/hoddatasci

Files for HOD Data Science Course

Primary LanguageHTML

Introduction to Data Science

Vanderbilt University

Human and Organizational Development

Course Number HOD 3200

Spring 2021

William R. Doyle

Office Hours: Wednesdays and Thursdays, 2:30-5 (https://outlook.office365.com/owa/calendar/WillDoyle@Vanderbilt365.onmicrosoft.com/bookings/) or by appointment

Email: w.doyle@vanderbilt.edu

Twitter: @wdoyle42

Introduction

We have entered a time in which vast amounts of data are more widely available than ever before. At the same time, a new set of tools has been developed to analyze this data and provide decision makers with information to help them accomplish their goals. Those who engage with data and interpret it for organizational leaders have taken to calling themselves data scientists, and their craft data science. Other terms that have come into vogue are “Big Data,” “Predictive Analytics” and “Data Mining.” These can seem to be mysterious domains. The point of this class is to demystify much of this endeavor for individuals who will be organizational leaders.

The class is structured around developing students’ skills in three areas: getting data, analyzing data to make predictions, and presenting the results of analysis. For each area, the subtopics are as follows:

Getting Data Topics

  • Tools of the Trade: R and Rstudio, git and Github
  • Working with pre-processed data and flat files
  • Getting data from the web: webscraping, using forms, using Application Programming Interfaces
  • Using databases

Analyzing Data Topics

  • Descriptives and conditional means
  • Regression
  • Supervised learning: classification
  • Unsupervised learning: K-means and nearest neighbors clustering
  • Evaluating multiple models/ Cross Validation

Presenting Data Analysis Topics

  • Descriptives: histograms, density plots, bar plots, dot plots
  • Scatterplots
  • Plots for Classification
  • Interactive Graphics

Evaluation

Students will be evaluated based in two areas: weekly assignments and the final project.

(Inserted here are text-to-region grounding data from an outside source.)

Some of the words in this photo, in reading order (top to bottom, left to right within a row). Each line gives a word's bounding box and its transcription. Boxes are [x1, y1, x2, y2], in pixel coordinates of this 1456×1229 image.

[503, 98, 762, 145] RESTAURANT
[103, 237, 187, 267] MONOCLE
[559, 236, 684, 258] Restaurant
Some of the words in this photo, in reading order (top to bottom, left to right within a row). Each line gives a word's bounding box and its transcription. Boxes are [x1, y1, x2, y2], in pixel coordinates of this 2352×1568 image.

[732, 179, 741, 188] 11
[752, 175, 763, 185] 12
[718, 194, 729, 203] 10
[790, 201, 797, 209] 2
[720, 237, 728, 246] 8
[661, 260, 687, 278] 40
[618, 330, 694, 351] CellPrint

  • Problem sets: 65% Each week I will assign a problem set for students to complete. These problem sets will be assigned on Monday, and will be due the next Sunday night at 11:59:59 pm. No late assignments will be accepted. Each assignment will be graded on a 100 point scale. Your lowest grade will be dropped.

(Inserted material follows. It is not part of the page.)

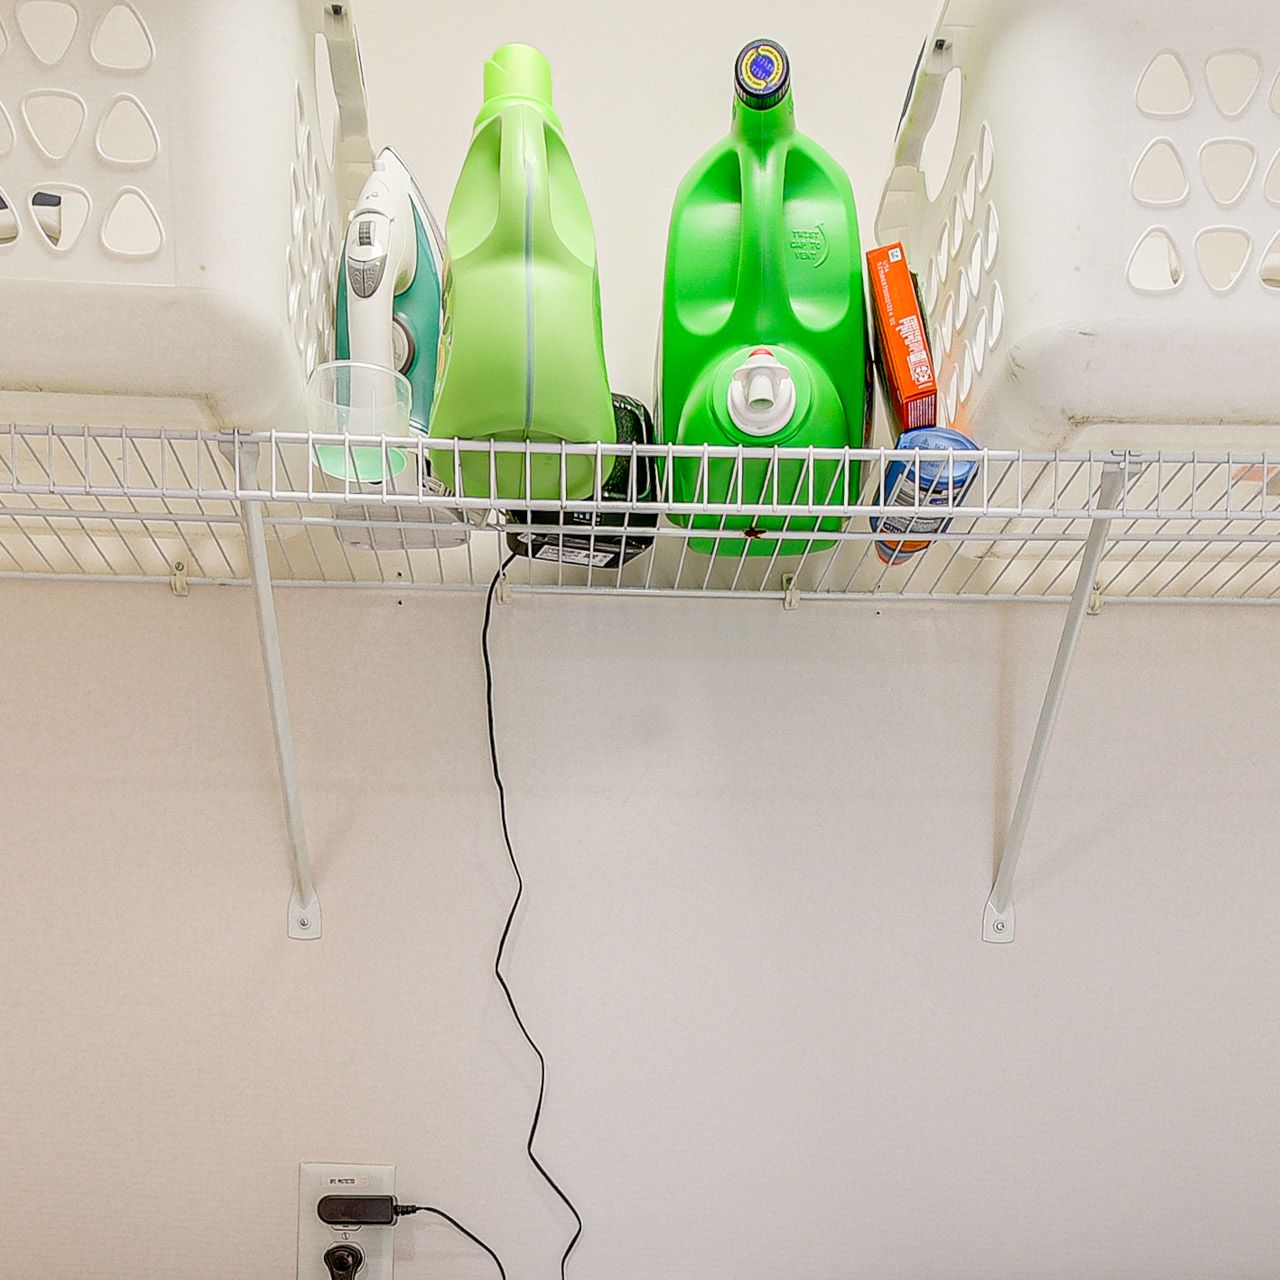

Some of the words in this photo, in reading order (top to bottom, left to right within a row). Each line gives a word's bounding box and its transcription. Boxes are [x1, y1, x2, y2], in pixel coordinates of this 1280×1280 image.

  • Final Project 35%: During the course of the semester you will work on a final assignment utilizing your skills as a data analyst. We will discuss this assignment and my expectations in detail during the course of the semester. There will be four progress reports due for the final project, each of which will be worth 12.5% of the final grade for the project. No late progress reports will be accepted. The final product will account for the remaining 50%. No late final products will be accepted.

Texts

Required Texts

We will have two texts for the course. The first is Hadley Wickham’s book, R for Data Science. Wickham is generously making this book available for free. However, I strongly encourage you to buy this book from O’Reilly.

Amazon

The other text is Nate Silver’s Signal and the Noise.

Silver,N. (2012). The signal and the noise: Why so many predictions fail-but some don’t. New York: Penguin.

Amazon

Your local bookseller

Reserve

I’ve placed three books by Edward Tufte on reserve for you. These are masterpieces in the area of visualizing quantitative information. You should take a look at these for ideas and inspiration–I’ve noted the sections that are most helpful in various parts of the syllabus.

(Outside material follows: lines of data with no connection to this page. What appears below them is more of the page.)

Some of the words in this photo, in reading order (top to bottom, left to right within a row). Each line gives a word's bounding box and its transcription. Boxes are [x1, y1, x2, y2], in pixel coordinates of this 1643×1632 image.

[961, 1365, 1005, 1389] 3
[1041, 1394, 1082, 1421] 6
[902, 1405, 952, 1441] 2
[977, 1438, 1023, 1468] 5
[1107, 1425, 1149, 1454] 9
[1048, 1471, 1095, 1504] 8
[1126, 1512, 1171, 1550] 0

Tufte, E. R. (1990). Envisioning information. Cheshire, CT: Graphics Press.

Tufte, E. R. (1997) Visual explanations. Cheshire, CT: Graphics press.

Tufte, E. R.(2001). The visual display of quantitative information (2nd Edition). Cheshire, CT: Graphics press.

Lecture Notes

My lecture notes include both code and notes for the week. They will be available in your private github repository.

Web Resources

When appropriate for each week, web resources are linked directly from the syllabus. You will find a wealth of resources online, including other versions of this class offered as Massive Online Open Courses. I encourage you to take full advantage of the wealth of online materials that are available. Stack Overflow is your friend, but search carefully for your question. It is VERY likely that your question has already been asked.

Software

We will use only free, open source software in this course.

We will use R, an open-source data analytic platform for all analysis. R appears to be the most widely used data analysis software in data science. We will utilize Rstudio as our integrated development environment (IDE) for R.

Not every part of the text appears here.